**Your instructions**
Print each record that follows exactly, leaving the pictures behind.
■ ■ ■ ■
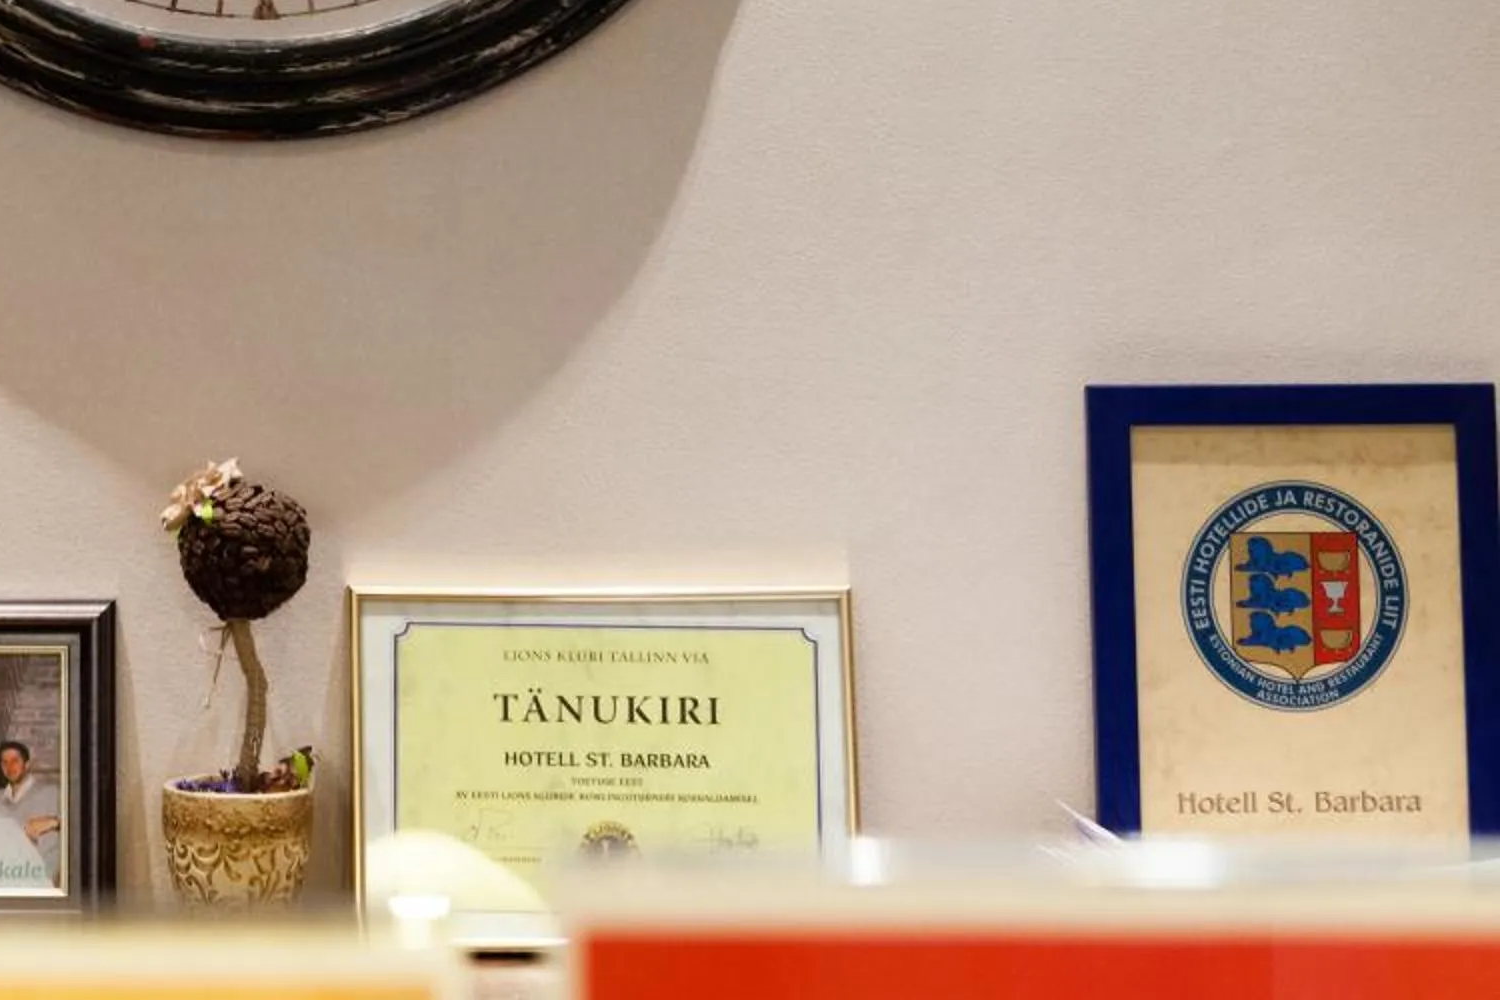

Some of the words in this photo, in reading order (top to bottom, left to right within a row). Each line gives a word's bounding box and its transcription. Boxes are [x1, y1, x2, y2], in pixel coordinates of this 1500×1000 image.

[1275, 490, 1298, 506] JA
[1194, 494, 1269, 574] HOTELLIDE
[1303, 490, 1399, 590] RESTORANIDE
[1188, 579, 1209, 630] EESTI
[493, 688, 720, 725] TÄNUKIRI
[504, 751, 580, 768] HOTELL
[585, 752, 614, 768] ST.
[620, 753, 711, 769] BARBARA
[1177, 791, 1259, 815] Hotell
[1267, 790, 1303, 814] St.
[1314, 790, 1423, 814] Barbara
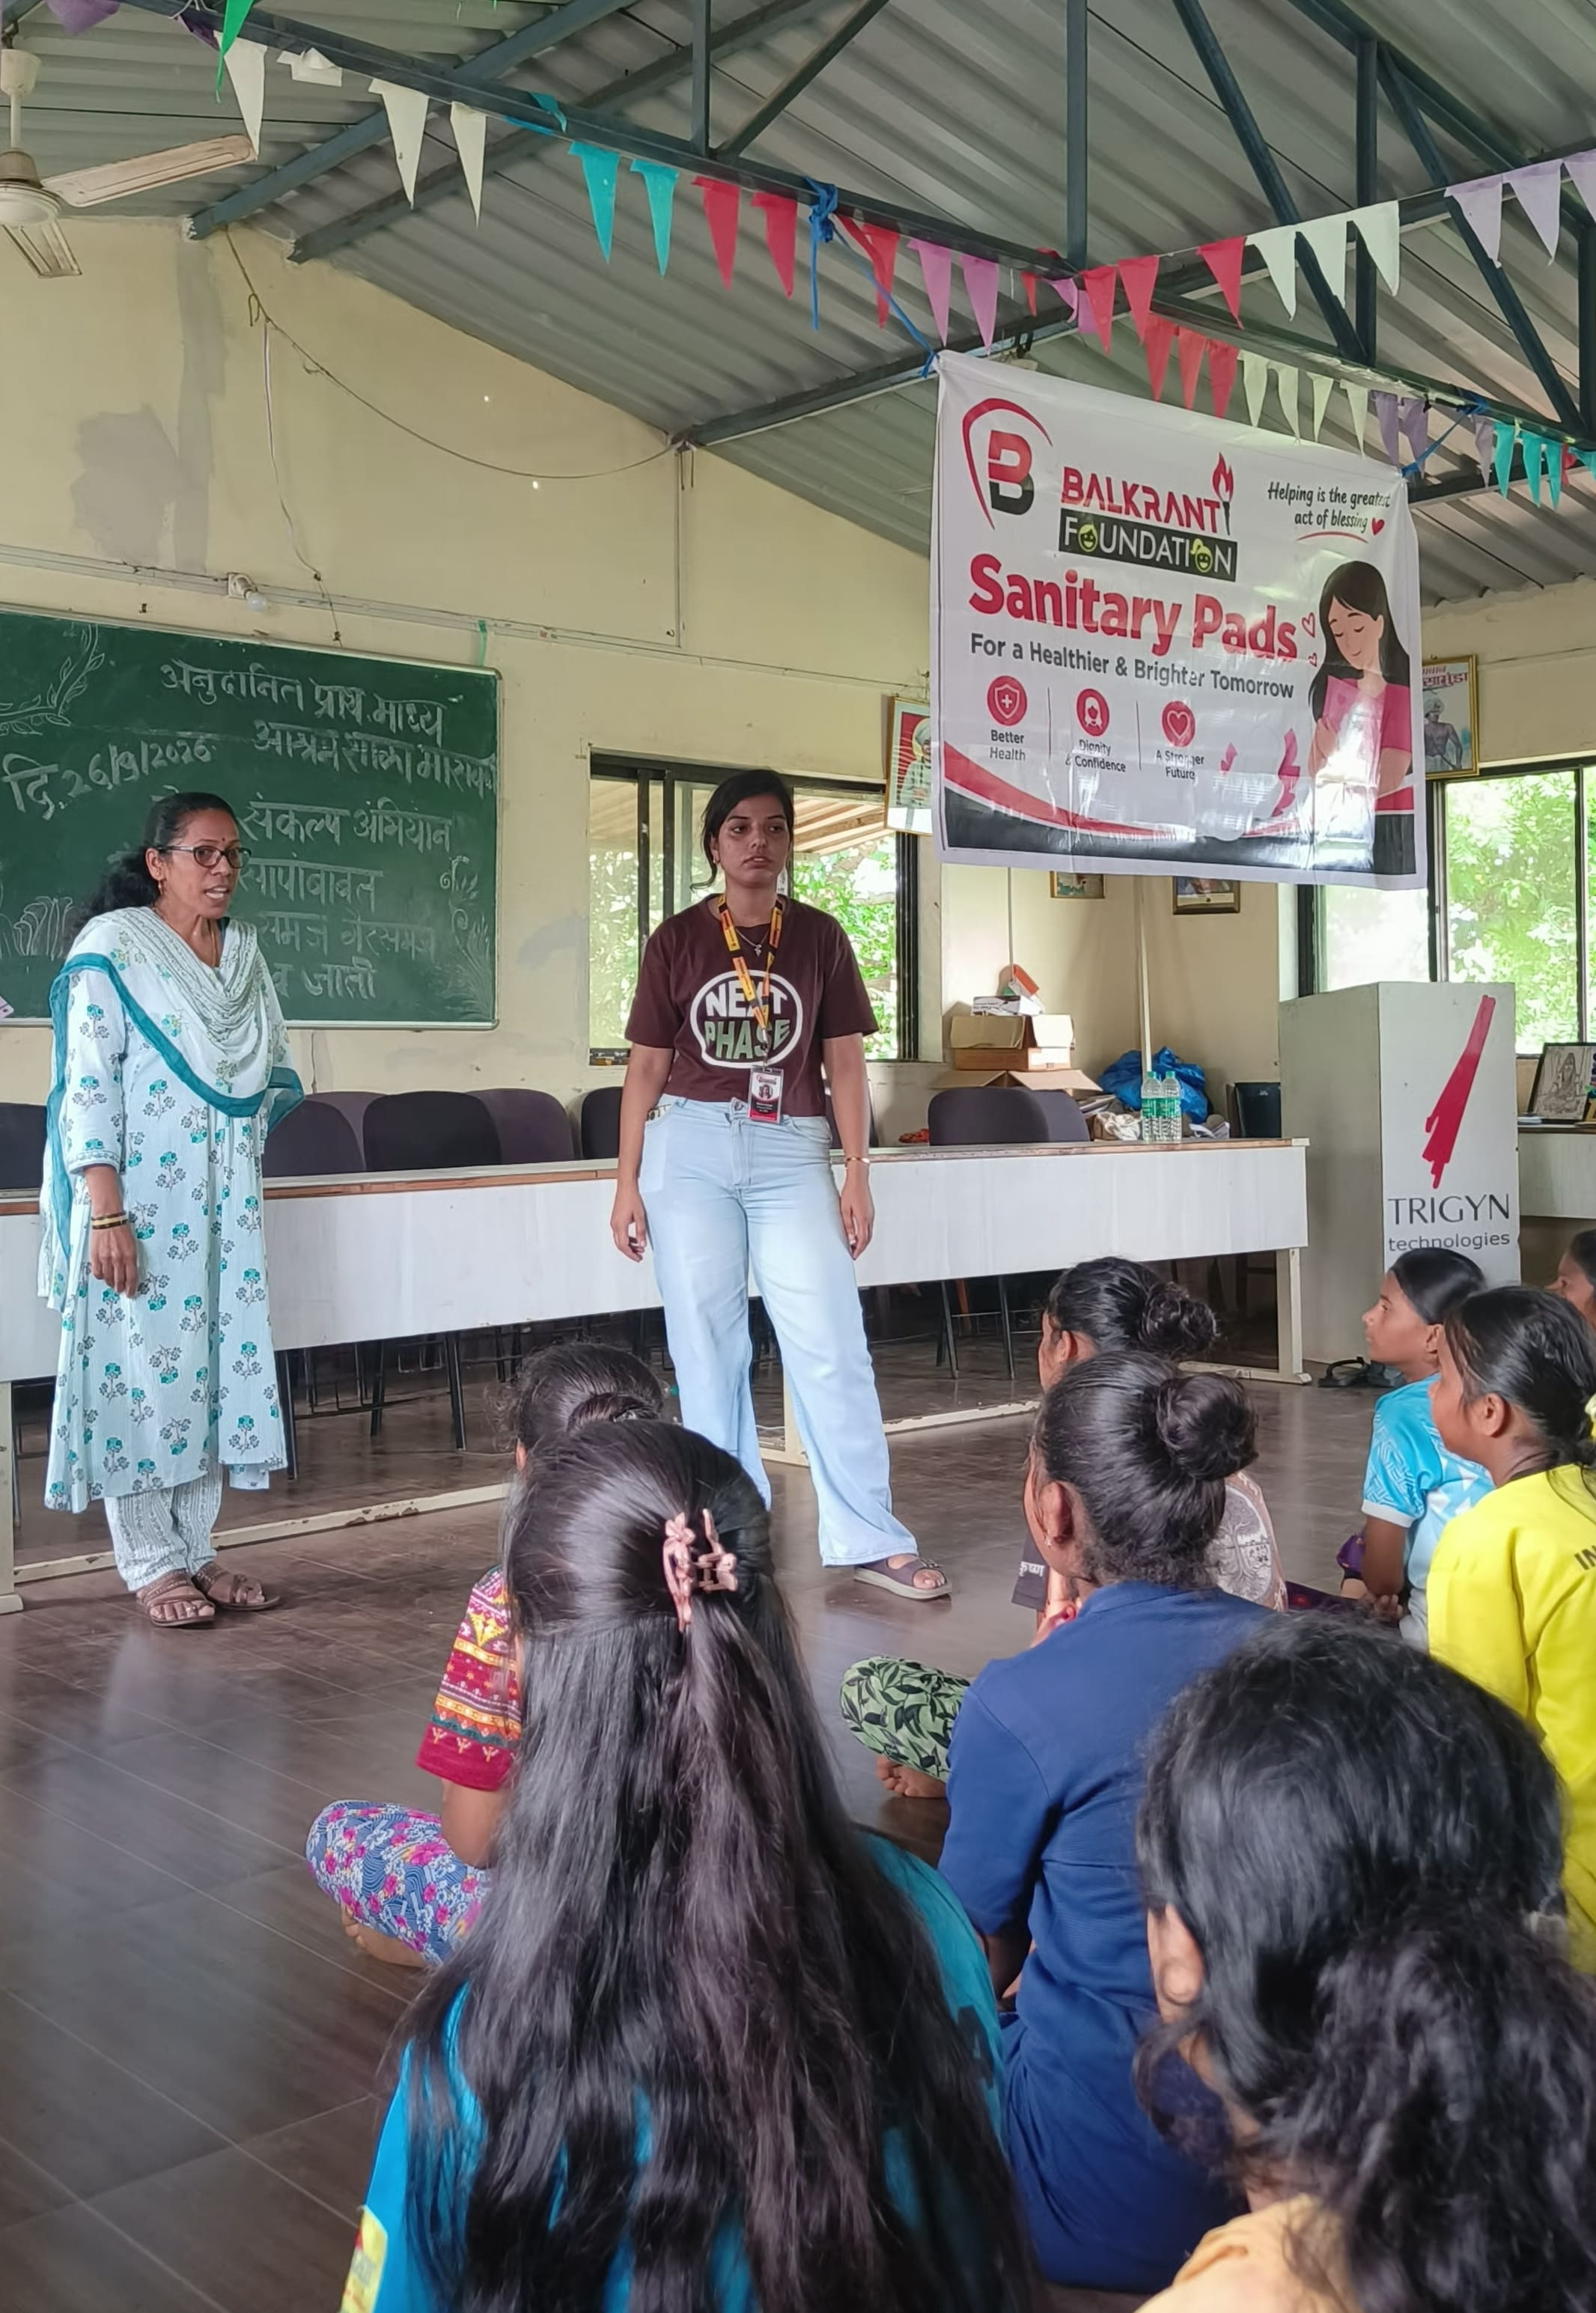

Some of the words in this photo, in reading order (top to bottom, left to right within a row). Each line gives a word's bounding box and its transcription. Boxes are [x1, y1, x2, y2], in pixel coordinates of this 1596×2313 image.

[1267, 481, 1313, 507] Helping
[1317, 487, 1326, 502] is
[1329, 487, 1347, 504] the
[1294, 510, 1313, 525] act
[1316, 509, 1329, 529] of
[1330, 509, 1368, 534] blessing
[969, 553, 1182, 656] Sanitary
[1193, 594, 1298, 662] Pads
[971, 633, 1005, 657] For
[1012, 642, 1023, 659] a
[1030, 641, 1109, 674] Healthier
[1115, 656, 1127, 676] &
[1134, 659, 1204, 687] Brighter
[1210, 669, 1294, 698] Tomorrow
[159, 659, 304, 712] अनुदानित
[990, 729, 1024, 744] Better
[990, 747, 1026, 761] Health
[1075, 755, 1126, 772] Confidence
[1157, 749, 1162, 760] A
[1166, 767, 1196, 780] Future
[1388, 1193, 1510, 1225] TRIGYN
[1389, 1232, 1511, 1252] technologies
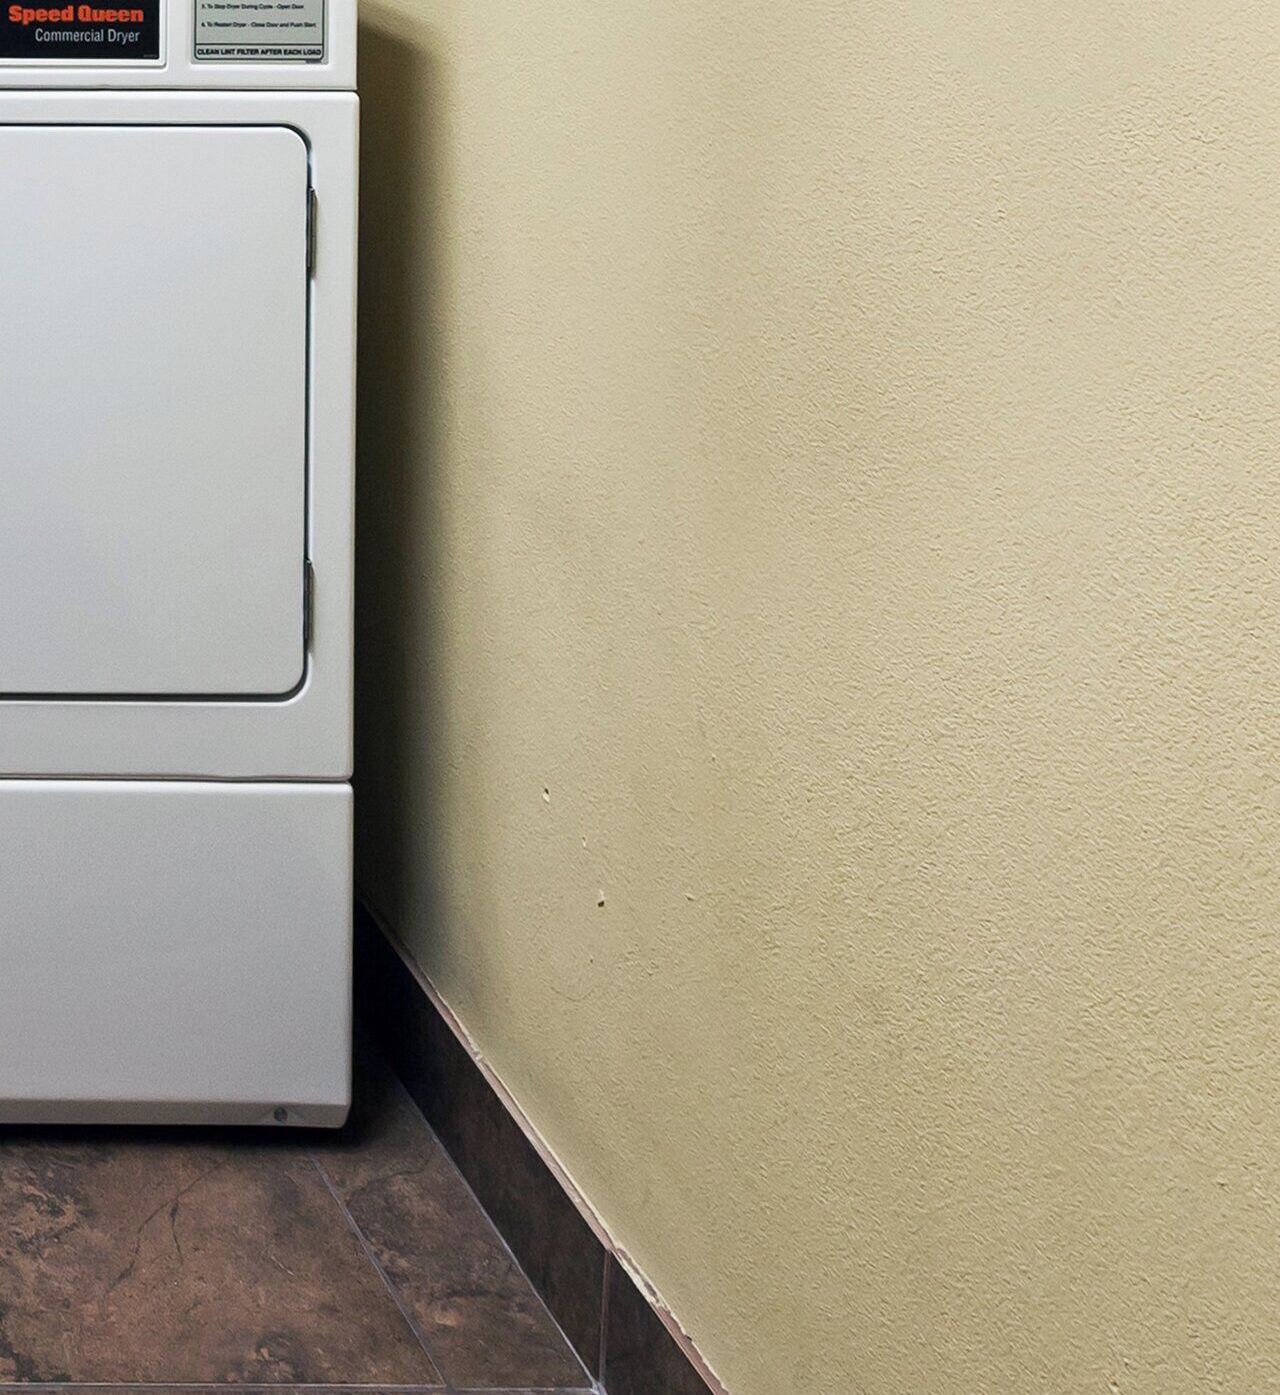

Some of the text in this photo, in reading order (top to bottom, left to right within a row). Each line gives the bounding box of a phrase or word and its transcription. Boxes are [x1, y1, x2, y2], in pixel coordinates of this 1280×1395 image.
■ ■ ■ ■
**Response box**
Some of the words in this photo, in reading order (top to bottom, left to right within a row). Each line gives a word's bounding box and its transcription. Boxes are [x1, y1, x2, y2], in pixel coordinates of this 1500×1000 image.

[1275, 490, 1298, 506] JA
[1194, 494, 1269, 574] HOTELLIDE
[1303, 490, 1399, 590] RESTORANIDE
[1188, 579, 1209, 630] EESTI
[493, 688, 720, 725] TÄNUKIRI
[504, 751, 580, 768] HOTELL
[585, 752, 614, 768] ST.
[620, 753, 711, 769] BARBARA
[1177, 791, 1259, 815] Hotell
[1267, 790, 1303, 814] St.
[1314, 790, 1423, 814] Barbara

Some of the words in this photo, in reading order (top to bottom, left to right within a row). Each line gives a word's bounding box and its transcription. Boxes are [x1, y1, x2, y2], in pixel coordinates of this 1596×2313 image.

[1267, 481, 1313, 507] Helping
[1317, 487, 1326, 502] is
[1329, 487, 1347, 504] the
[1294, 510, 1313, 525] act
[1316, 509, 1329, 529] of
[1330, 509, 1368, 534] blessing
[969, 553, 1182, 656] Sanitary
[1193, 594, 1298, 662] Pads
[971, 633, 1005, 657] For
[1012, 642, 1023, 659] a
[1030, 641, 1109, 674] Healthier
[1115, 656, 1127, 676] &
[1134, 659, 1204, 687] Brighter
[1210, 669, 1294, 698] Tomorrow
[159, 659, 304, 712] अनुदानित
[990, 729, 1024, 744] Better
[990, 747, 1026, 761] Health
[1075, 755, 1126, 772] Confidence
[1157, 749, 1162, 760] A
[1166, 767, 1196, 780] Future
[1388, 1193, 1510, 1225] TRIGYN
[1389, 1232, 1511, 1252] technologies

Some of the text in this photo, in reading order (top to bottom, left to right within a row). Each line gives the bounding box of a phrase or word and its transcription. Boxes are [x1, y1, x2, y2], in pixel coordinates of this 1280×1395 image.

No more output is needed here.